Hmm good so far but not enough experience gain, particularly at higher levels, this would slow to a crawl.
I would then modify this by adding some edition experience based off the target's skill/modifier on the check they are making. This doesn't make intuitive real world sense, but works well in the structure of d20. Thus I would run the full experience gain as:
(10 x DC or Target Number of the Check) + (100 x Relevant Class Ability or Skill Modifier for the Check*)
or more simply
Experience = 10 x DC +100 x Modifier
* I wouldn't include ability score bonus here, just things like Skill Ranks, Feats, Abilities, Base attack Bonus, if it's a save then the save bonus is fine, if its spell check perhaps Caster Level is appropriate. What exactly applies to this modifier is I guess entirely up to GM discretion, but I would be inclined to include everything but ability score bonuses, or if you are running a earlier than 3.5th system maybe you would want to also include ability score bonuses I leave this up to you because you are more than capable of figuring it out.
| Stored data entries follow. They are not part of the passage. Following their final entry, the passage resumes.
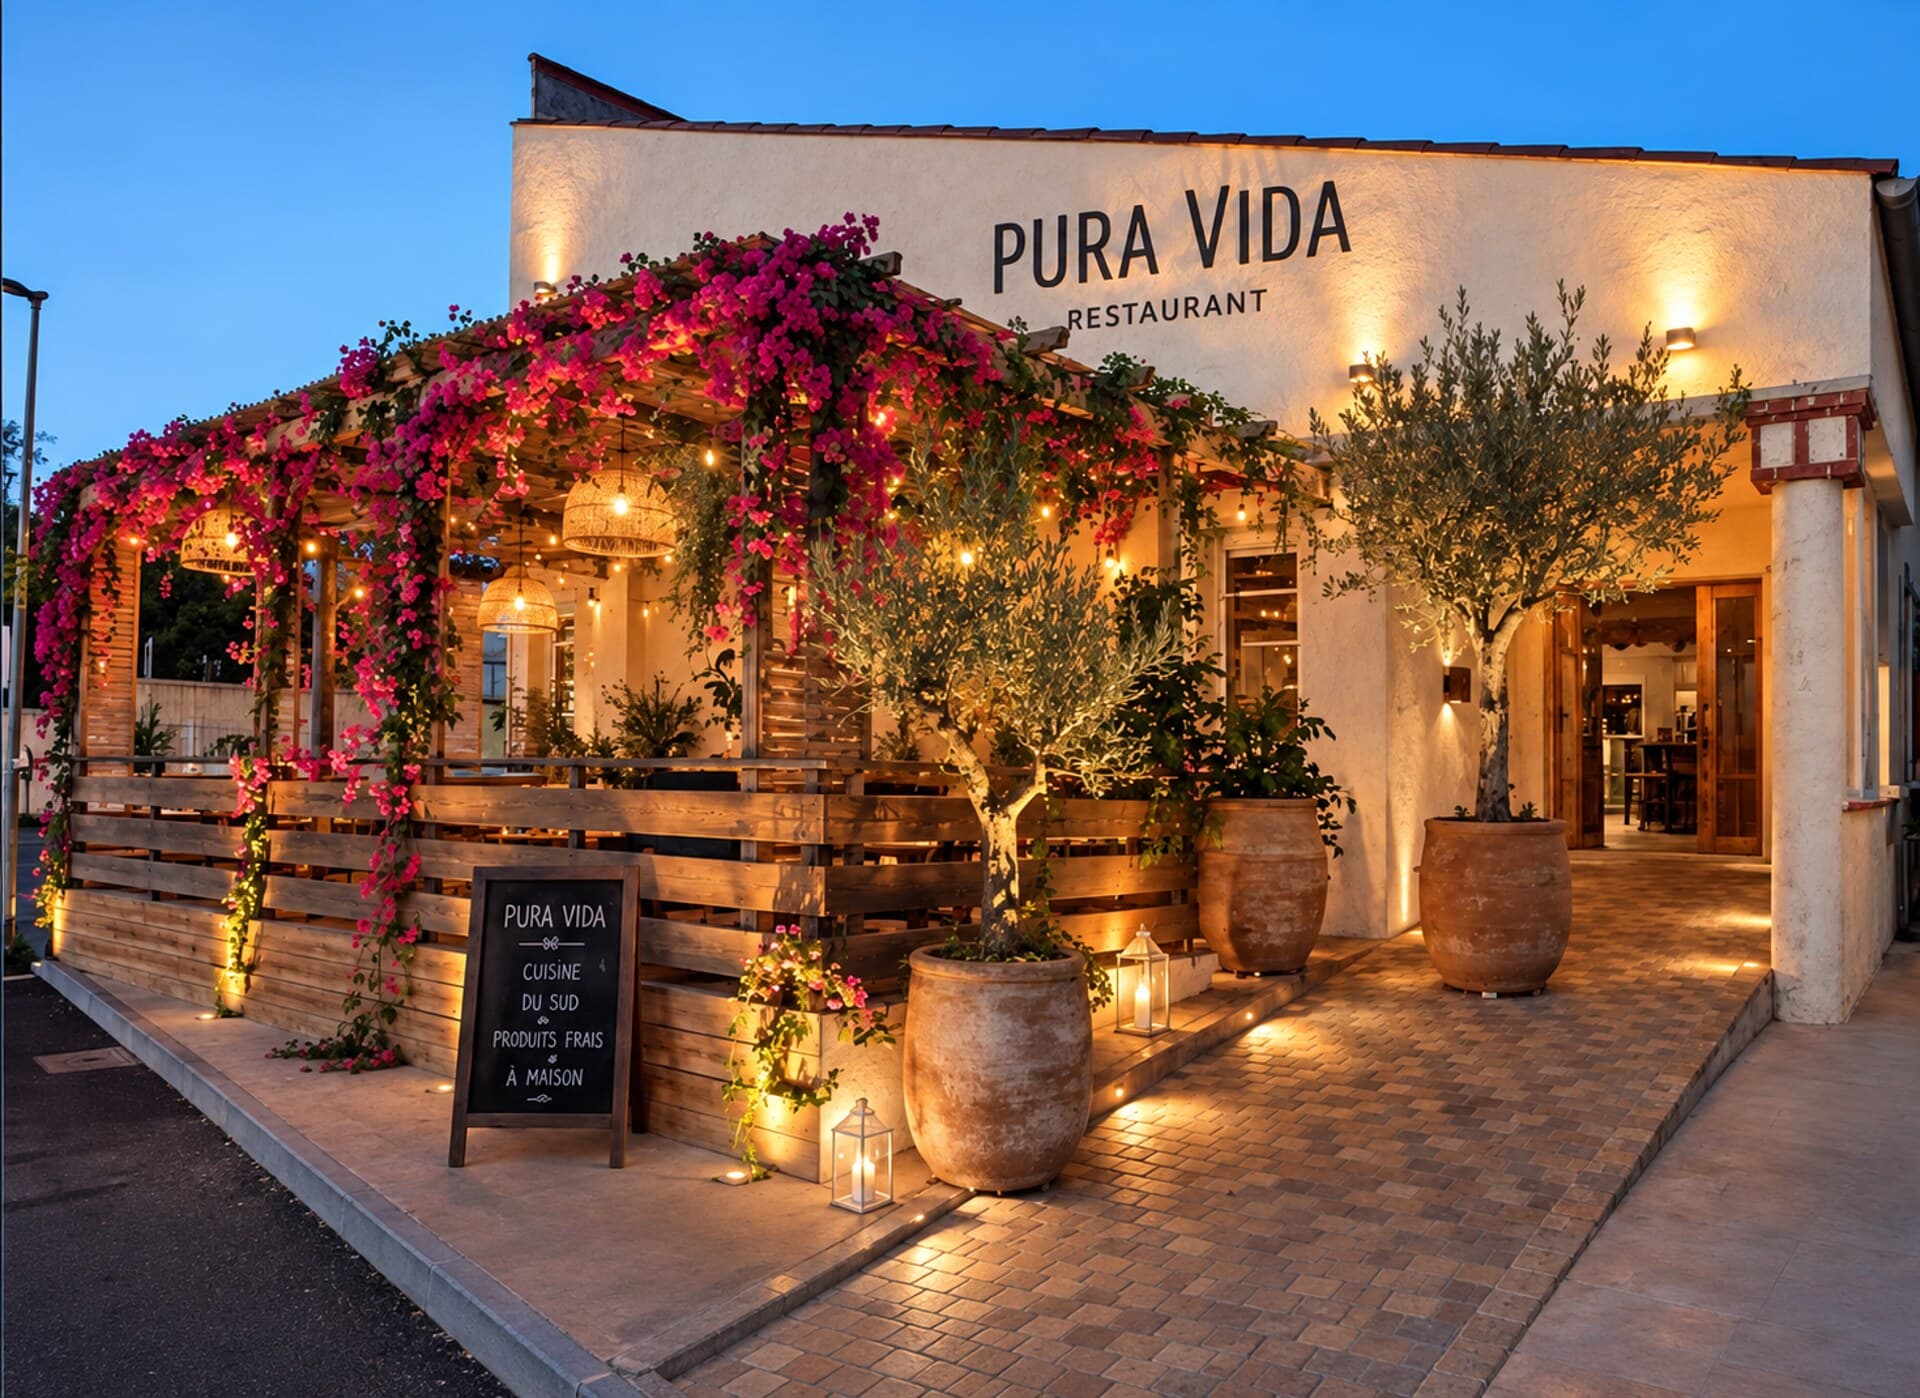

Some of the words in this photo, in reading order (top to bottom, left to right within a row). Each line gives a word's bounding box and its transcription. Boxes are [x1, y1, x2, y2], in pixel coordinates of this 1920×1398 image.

[994, 204, 1159, 294] PURA
[1185, 180, 1352, 269] VIDA
[1067, 288, 1268, 331] RESTAURANT
[503, 903, 553, 929] PURA
[562, 904, 606, 929] VIDA
[521, 993, 542, 1011] DU
[549, 993, 580, 1011] SUD
[492, 1030, 557, 1049] PRODUITS
[564, 1031, 604, 1049] FRAIS
[506, 1064, 518, 1087] À
[525, 1068, 584, 1087] MAISON
Equipment bonuses should definitely not count though.
Fightor rolls a natural 1 on his attempt to skewer the knight in plate. The AC of the Knight is 18 and Fightor has a BAB of +6. The GM declares that Fightor has been disarmed and lets the Knight make a free attack (or whatever they think is appropriate) and he awards Fightor with experience. This is equal to 10 x 18 (10 x AC of the Knight) + 100 x 6 (100 x BAB of the attack roll) and Fightor gains 680 experience !
Similarly Sneakthief the halfling attempts to disarm a trap DC 20 and he has a +10 to disarming traps with his relevant skills and feats. He rolls a natural 1 and the GM declares that the trap goes off and resolves the trap's potentially dismembering effects on Sneakthief and awards experience, the Halfling gains 10 x 20 + 100 x 10 experience yielding 1200 experience.
Whilst the amount gained from modifier may seem quite large (being 100 x Mod rather than 10 x mod) this means that characters who fail spectacularly in their respective professions and specialities gain more experience than if they had failed spectacularly at something that is unrelated to their class. This has the benefit of modelling characters advancing according to skills and specialities actually used. A Fighter who doesn't make many attack rolls under this system will advance more slowly than one who does.
In a different system simply change the amount of experience gained and the exact modifier and presto. Also systems which are level-less can track this experience gain against certain upgrades if you like, meaning that critically failing a test gives you experience directly towards whatever you checked on, rather than anything else.
There are definitely tweaks this system needs for your own game (I'm thinking crazy numeric modifiers from synergy and skill and ability in 3.5) but should fit with a little creativity. It is also important to note that this system is not entirely designed to replace experience via slaying monsters, or from adventure rewards or from loot but rather to compliment it. The potential issue with gaining experience from critical fails is that some people are lucky and never roll 1s. Also some people are horrendously unlucky and always roll 1s. If this balance issue causes you concerns, you use your common sense and balance this out but giving experience at the end of the session or whatever you normally do, just decrease the amount slightly over-all to account for the new experience gain from horrendous failure.
The only other thing to be said would be, if they roll a natural 1 and you can't think of something horrendous to inflict on them for their critical fail / fumble then maybe don't award experience, or vastly reduce the experience gain!